W literaturze przedmiotu sporne było zagadnienie strony podmiotowej omawianego przestępstwa[45]. W związku z tym stało się ono przedmiotem oceny ze strony Sądu Najwyższego, który w uchwale z 29 października 2012 r. stwierdził, że przestępstwo obrazy uczuć religijnych może być popełnione zarówno w zamiarze bezpośrednim (dolus directus), jak i ewentualnym (dolus eventualis)[46]. Oznacza to, że do czynu inkryminowanego w art. 196 k.k. dochodzi nie tylko wówczas, gdy sprawca chce go popełnić, ale także, gdy przewidując możliwość jego popełnienia, godzi się na to (por. art. 9 § 1 k.k.).

Omawiane przestępstwo ścigane jest z oskarżenia publicznego[47]. Jak słusznie wskazuje M. Budyn-Kulik, ponieważ polega ono na obrażeniu uczuć religijnych innych osób, „oznacza to, że w przypadku, gdy organ ścigania, który poweźmie podejrzenie, że został znieważony przedmiot czci religijnej, powinien sprawdzić, czy są osoby, które czują się tym zachowaniem obrażone”[48].

 

3. Ochrona uczuć religijnych a wolność słowa i wolność ekspresji artystycznej

W ramach europejskiego systemu praw człowieka szeroki zakres ochrony wolności wypowiedz gwarantowany jest przez art. 10 Konwencji o Ochronie Praw Człowieka i Podstawowych Wolności[49], a także przez orzecznictwo Europejskiego Trybunału Praw Człowieka. Wolność ta, w tym będąca jej elementem swoboda ekspresji artystycznej, choć może przybrać nawet formę ostrej, szokującej krytyki, nie jest jednak nieograniczona, ponieważ musi być odczytywana w kontekście innych gwarancji Konwencji[50], w tym prawa do wolności myśli, sumienia i wyznania. Powodem ograniczenia wolności słowa może być m.in. brak szacunku dla uczuć religijnych, gwarantowanych w art. 9 Konwencji, wyrażający się np. przez upublicznienie prowokacyjnych wizerunków przedmiotów czci religijnej. Państwo jest wówczas nie tylko uprawnione do wyeliminowania określonych form działania, szczególnie tych stojących w sprzeczności z wolnością myśli, sumienia i religii[51], ale wręcz ma obowiązek zapewnienia pokojowego współistnienia wszystkich religii i osób nieutożsamiających się z żadną religią[52]. W związku z tym może uznać za konieczne podjęcie środków mających na celu represjonowanie niektórych form postępowania, w tym przekazywanie informacji i idei uznanych za niezgodne z poszanowaniem wolności myśli, sumienia i religii innych osób[53].

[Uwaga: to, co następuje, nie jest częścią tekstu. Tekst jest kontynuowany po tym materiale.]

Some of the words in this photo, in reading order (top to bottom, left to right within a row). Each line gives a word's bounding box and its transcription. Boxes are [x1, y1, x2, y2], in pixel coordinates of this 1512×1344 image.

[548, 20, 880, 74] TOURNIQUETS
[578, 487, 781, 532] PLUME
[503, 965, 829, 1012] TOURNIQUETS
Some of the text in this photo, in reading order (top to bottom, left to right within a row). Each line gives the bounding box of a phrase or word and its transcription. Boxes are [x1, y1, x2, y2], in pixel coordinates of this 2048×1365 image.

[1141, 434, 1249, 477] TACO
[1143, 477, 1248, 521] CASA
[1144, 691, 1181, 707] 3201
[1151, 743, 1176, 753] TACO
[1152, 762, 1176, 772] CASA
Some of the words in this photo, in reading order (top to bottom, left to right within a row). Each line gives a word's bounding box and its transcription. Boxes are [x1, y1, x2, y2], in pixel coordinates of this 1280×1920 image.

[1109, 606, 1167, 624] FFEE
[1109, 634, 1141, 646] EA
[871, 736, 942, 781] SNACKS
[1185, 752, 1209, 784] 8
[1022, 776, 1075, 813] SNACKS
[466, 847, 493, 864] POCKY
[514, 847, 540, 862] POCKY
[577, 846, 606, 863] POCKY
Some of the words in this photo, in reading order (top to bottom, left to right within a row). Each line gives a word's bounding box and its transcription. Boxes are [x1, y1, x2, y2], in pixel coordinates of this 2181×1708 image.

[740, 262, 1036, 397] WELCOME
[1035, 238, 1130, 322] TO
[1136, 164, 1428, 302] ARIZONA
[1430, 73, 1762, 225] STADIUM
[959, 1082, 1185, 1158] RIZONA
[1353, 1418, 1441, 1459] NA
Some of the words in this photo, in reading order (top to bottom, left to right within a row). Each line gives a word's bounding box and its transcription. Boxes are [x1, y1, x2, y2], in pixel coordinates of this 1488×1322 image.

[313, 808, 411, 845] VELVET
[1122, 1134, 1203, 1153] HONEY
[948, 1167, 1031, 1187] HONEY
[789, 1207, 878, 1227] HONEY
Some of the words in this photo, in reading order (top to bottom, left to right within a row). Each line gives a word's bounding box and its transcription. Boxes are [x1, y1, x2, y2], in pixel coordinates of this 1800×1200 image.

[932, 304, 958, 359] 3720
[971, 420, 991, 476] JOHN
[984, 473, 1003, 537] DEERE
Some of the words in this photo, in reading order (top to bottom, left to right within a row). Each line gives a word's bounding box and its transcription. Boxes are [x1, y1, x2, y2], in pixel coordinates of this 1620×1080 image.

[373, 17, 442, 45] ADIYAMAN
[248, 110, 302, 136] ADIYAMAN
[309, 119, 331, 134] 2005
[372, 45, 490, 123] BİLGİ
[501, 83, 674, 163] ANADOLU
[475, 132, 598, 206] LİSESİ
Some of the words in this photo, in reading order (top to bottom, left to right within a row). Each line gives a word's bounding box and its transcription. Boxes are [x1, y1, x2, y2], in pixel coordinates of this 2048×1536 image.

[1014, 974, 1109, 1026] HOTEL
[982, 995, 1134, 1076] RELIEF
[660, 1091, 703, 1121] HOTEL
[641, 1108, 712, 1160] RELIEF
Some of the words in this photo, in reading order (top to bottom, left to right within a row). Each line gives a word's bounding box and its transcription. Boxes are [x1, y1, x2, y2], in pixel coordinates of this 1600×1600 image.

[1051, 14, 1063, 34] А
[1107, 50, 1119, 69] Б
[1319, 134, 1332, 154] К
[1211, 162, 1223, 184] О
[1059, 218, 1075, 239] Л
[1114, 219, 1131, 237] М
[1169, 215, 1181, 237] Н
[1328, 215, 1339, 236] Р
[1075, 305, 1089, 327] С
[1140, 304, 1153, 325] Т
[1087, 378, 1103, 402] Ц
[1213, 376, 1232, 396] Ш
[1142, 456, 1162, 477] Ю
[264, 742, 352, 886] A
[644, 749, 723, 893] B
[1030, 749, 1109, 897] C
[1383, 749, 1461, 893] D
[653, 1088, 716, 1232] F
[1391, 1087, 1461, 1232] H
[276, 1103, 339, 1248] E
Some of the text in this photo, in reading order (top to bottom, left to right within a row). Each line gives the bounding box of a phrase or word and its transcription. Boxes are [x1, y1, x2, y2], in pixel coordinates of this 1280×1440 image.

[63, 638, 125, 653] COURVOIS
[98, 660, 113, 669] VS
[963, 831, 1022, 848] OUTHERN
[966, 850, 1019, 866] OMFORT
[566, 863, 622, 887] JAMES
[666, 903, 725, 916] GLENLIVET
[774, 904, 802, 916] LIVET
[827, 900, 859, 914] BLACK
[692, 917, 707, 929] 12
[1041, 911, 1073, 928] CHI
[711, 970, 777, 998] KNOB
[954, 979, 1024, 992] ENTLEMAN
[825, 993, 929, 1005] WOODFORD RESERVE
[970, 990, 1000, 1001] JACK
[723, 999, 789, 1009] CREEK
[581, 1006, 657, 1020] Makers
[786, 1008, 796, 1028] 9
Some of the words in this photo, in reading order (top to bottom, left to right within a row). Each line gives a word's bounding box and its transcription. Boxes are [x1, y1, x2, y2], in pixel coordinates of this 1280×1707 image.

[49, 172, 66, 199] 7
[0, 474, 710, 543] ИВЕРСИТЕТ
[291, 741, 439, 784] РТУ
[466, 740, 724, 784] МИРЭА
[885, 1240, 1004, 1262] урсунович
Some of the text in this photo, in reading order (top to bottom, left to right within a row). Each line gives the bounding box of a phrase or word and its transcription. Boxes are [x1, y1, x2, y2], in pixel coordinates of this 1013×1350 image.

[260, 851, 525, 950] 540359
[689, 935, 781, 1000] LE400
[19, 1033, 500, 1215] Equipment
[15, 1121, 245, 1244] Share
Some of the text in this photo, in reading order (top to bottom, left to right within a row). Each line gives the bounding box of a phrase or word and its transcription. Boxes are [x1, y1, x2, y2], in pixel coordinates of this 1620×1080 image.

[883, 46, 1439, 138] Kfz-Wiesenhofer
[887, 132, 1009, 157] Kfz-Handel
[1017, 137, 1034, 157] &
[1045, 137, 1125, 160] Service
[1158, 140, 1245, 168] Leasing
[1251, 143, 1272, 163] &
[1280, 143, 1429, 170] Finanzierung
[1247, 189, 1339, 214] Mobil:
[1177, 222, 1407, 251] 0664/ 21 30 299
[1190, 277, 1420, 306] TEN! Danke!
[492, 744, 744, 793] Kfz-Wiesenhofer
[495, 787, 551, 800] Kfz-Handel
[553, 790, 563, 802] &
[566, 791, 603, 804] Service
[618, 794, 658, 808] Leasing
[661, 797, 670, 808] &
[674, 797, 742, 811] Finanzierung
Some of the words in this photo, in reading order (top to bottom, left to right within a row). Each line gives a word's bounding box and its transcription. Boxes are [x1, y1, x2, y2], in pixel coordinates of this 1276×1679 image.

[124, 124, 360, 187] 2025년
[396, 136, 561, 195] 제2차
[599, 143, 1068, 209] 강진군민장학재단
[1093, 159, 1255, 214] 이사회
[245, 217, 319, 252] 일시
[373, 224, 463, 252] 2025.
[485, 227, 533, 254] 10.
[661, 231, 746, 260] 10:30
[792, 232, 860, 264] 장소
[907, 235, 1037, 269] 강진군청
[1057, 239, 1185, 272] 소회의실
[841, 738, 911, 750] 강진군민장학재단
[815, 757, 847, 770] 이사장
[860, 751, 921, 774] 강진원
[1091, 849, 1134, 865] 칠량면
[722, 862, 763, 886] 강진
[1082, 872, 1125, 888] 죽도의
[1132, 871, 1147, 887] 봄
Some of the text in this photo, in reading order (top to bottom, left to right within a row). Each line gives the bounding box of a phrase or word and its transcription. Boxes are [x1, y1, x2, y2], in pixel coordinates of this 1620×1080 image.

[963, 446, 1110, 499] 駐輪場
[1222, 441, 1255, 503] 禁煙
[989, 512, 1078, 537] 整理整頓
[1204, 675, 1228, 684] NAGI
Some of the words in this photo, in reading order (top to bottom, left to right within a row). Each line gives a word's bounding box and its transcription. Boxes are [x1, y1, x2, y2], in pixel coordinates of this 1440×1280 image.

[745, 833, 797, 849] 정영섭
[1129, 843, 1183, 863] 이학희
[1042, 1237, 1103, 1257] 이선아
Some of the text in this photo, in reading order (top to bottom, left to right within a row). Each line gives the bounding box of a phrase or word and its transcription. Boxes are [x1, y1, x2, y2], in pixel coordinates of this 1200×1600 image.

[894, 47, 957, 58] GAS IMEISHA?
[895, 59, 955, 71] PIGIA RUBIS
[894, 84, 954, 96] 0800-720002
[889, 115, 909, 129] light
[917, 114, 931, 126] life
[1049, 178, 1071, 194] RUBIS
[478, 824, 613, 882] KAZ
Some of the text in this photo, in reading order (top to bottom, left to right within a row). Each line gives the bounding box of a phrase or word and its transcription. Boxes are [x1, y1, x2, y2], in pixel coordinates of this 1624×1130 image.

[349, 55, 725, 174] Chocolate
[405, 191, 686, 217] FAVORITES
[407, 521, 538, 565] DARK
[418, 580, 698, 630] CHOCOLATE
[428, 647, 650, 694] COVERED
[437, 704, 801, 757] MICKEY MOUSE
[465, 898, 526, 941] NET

Również w orzecznictwie Trybunału Konstytucyjnego stwierdzono, że wolność słowa nie ma charakteru absolutnego i może podlegać ograniczeniom w sytuacji konfliktu z innymi prawami i wolnościami, np. z prawem do ochrony uczuć religijnych. Niedopuszczalna bowiem byłaby sytuacja, w której w imię nieskrępowanej realizacji jednych praw, nagminnie naruszano by inne, równie istotne. Dlatego konieczna jest proporcjonalna ingerencja: „poza zakresem penalizacji z art. 196 k.k. pozostaje zatem publiczne wyrażanie swoich negatywnych czy też krytycznych poglądów dotyczących przedmiotu czci religijnej, o ile nie przybierze formy ani nie będzie zawierało treści obiektywnie znieważających (…) Trudno bowiem uznać, że immanentny rdzeń swobody wypowiedzi sprowadza się do wyrażania poglądów znieważających czy obrażających uczucia innych osób, a więc okazywaniu pogardy za pomocą obraźliwych lub poniżających sformułowań (ewentualnie gestów), które nie podlegają kwalifikacji w kategoriach prawdy i fałszu”[54]. Trybunał Konstytucyjny uznał, podobnie jak ETPCz, że „korzystanie ze swobody wypowiedzi wiąże się z obowiązkami. W odniesieniu do opinii i przekonań religijnych można do nich zaliczyć obowiązek unikania w miarę możliwości wypowiedzi niepotrzebnie obrażających innych i ich prawa, w tym wypowiedzi, które w odniesieniu do przedmiotów kultu byłyby bezzasadnie obraźliwe oraz bluźniercze”[55].

 

4. Wizerunek Czarnej Madonny jako przedmiot kultu religijnego

Wizerunek Czarnej Madonny, przedstawiający Najświętszą Marię Pannę wraz z Dzieciątkiem Jezus, niewątpliwie stanowi przedmiot kultu religijnego. W literaturze przedmiotu jako przedmioty kultu religijnego wskazuje się bowiem obrazy, wyobrażenia oraz wizerunki Jezusa Chrystusa, Matki Bożej, świętych[56]. Również Trybunał Konstytucyjny podkreślał, żę „obiekty czci religijnej to przede wszystkim symbole religijne, wizerunki i imiona Boga, bóstw, ikony…”[57]. Jako przykład zachowania spełniającego znamiona czynu zabronionego, określonego w art. 196 k.k. M. Budyn-Kulik wskazuje właśnie profanowanie wizerunku Matki Boskiej[58]. W. Wróbel podkreśla natomiast, że znieważenie przedmiotu czci religijnej może nastąpić poprzez „posługiwanie się wizerunkami lub wyobrażeniami uznawanymi za święte w sposób im uwłaczający”[59]. Należy też przyjąć, że znaczenie ma treść obrazu lub wyobrażenia, natomiast obojętne jest, czy wizerunek ten został umieszczony na reprodukcji, muralu, plakacie, obrazku, itd. Indyferentne jest zatem czy jest to przedmiot materialny czy też jedynie cyfrowy. Nie musi mieć on walorów artystycznych, bowiem jak już wspomniano, ochronie na gruncie art. 196 k.k. podlegają uczucia religijne, nie zaś doznania estetyczne. Kluczowe znaczenie ma zatem sam wizerunek i to co prezentuje, natomiast bez znaczenia pozostaje sposób jego utrwalenia.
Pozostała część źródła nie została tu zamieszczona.